What is a 'Secondary Beneficiary'

A secondary beneficiary is a person or entity that inherits assets under a will, trust or insurance policy if the primary beneficiary dies before the grantor. A secondary beneficiary would also be considered a "contingent beneficiary".

A secondary or contingent beneficiary inherits assets only if certain conditions are met, such as the death of the primary beneficiary or their decision to disown the assets to which they are entitled. If a primary beneficiary cannot be found at the time of the grantor’s death, this another condition under which assets could pass to the secondary beneficiary.

Secondary beneficiaries may also be named for a retirement account or other vehicles. For example, when creating an IRA, selecting to contribute to an employer-sponsored 401(k), insurance policy, 529 college savings plan, health savings account (HSA), or trust, the maker must name the person or people he or she wishes to receive the assets in the event of death or incapacitation. In these scenarios it is often possible to name more than one primary or contingent beneficiary, allocating percentages among those selected.

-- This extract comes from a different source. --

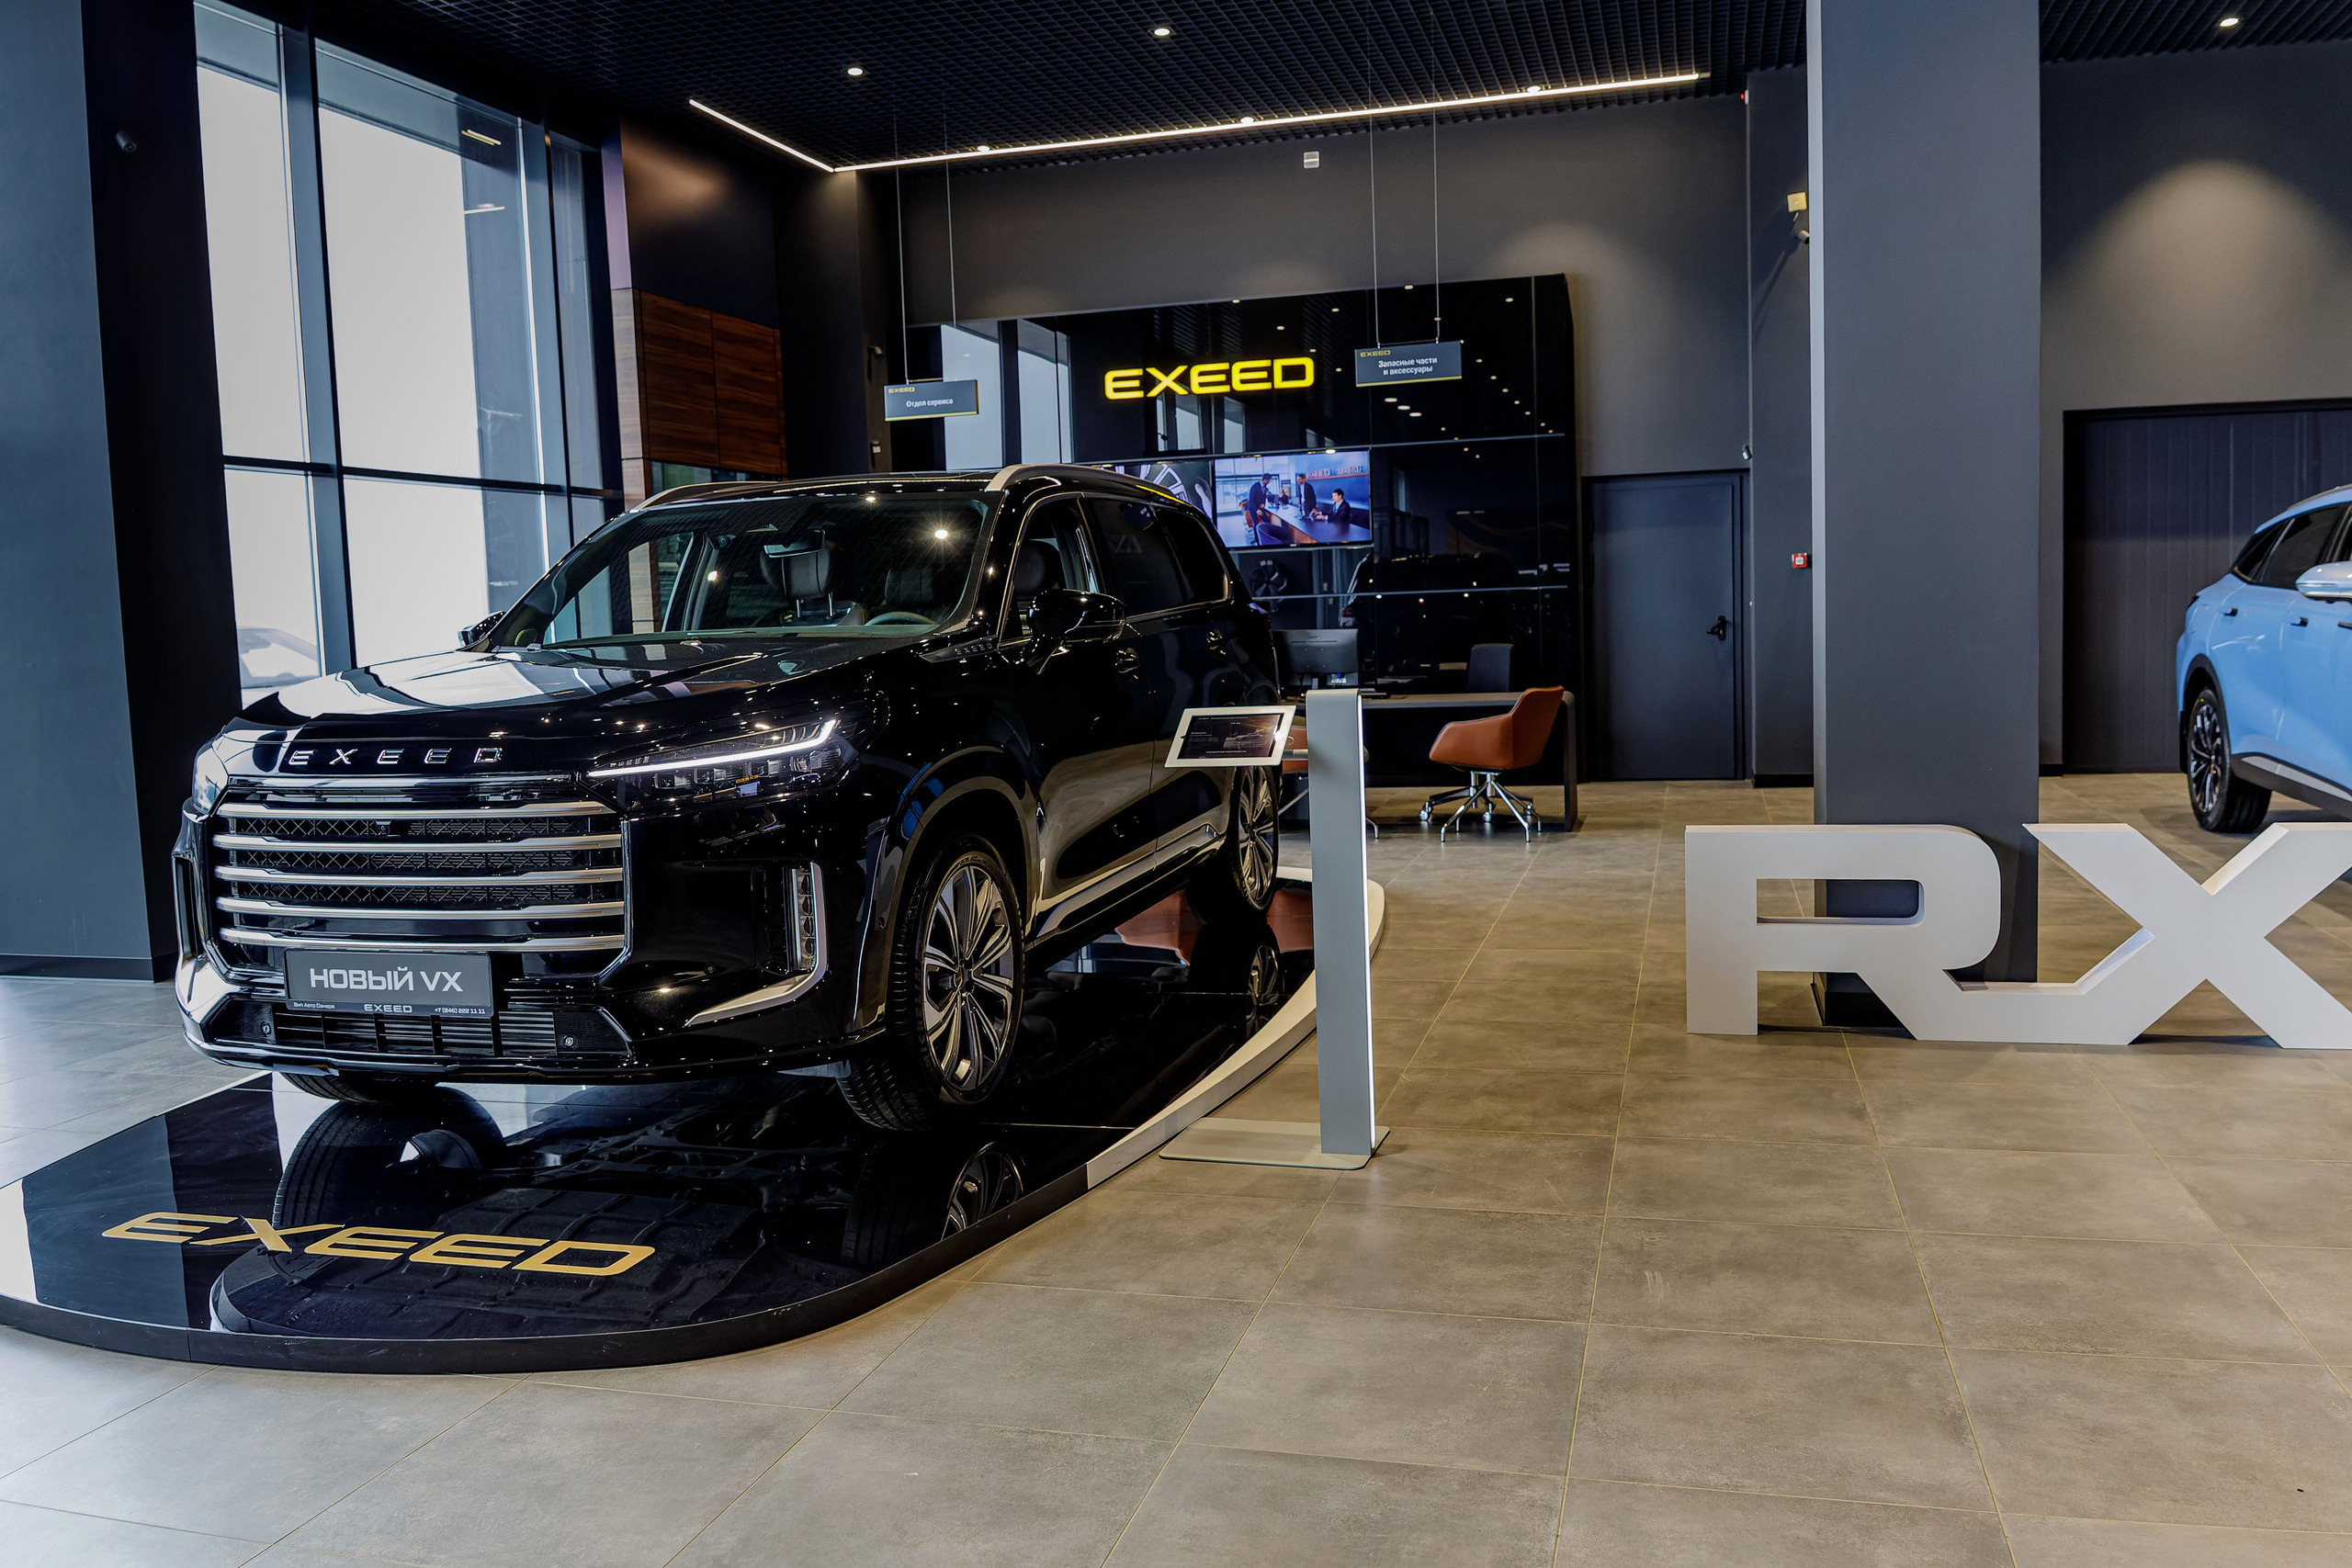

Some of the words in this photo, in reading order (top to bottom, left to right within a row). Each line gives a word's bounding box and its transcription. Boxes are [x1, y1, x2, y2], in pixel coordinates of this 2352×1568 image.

Secondary Beneficiaries and The Creation and Execution of Wills

A will is a legally enforceable declaration that details how a person will distribute their assets after death. Although its format can vary, most follow a fairly uniform layout, starting with a statement that the writer is of legal age and making the will of their own sound volition. The will also names an executor and guardian for any minor children, and names the beneficiary(ies). For example, a will could itemize bank accounts and divvy up property among several individuals. Assets that are jointly owned are also split up accordingly. In a will it is critical to be as clear and specific as possible to avoid legal challenges and related expenses.

Most states require that the will have witnesses. In Iowa, for example, in 2018 a valid will must have two competent witnesses, at least 16 years of age. These individuals must sign the will in the presence of both the maker of the will and each other. In addition the will maker must verbally tell the witnesses that it is his or her will. The will maker must also be at least 18 years of age or married.

In some cases it’s possible for a will to be self-proved. This can happen if, at the time it is made, both the maker and witnesses sign affidavits that describe how the will was executed. This eliminates the need for witnesses. In all cases, it is recommended to have the assistance of an attorney to be sure that the will is valid and its instructions carried out as desired.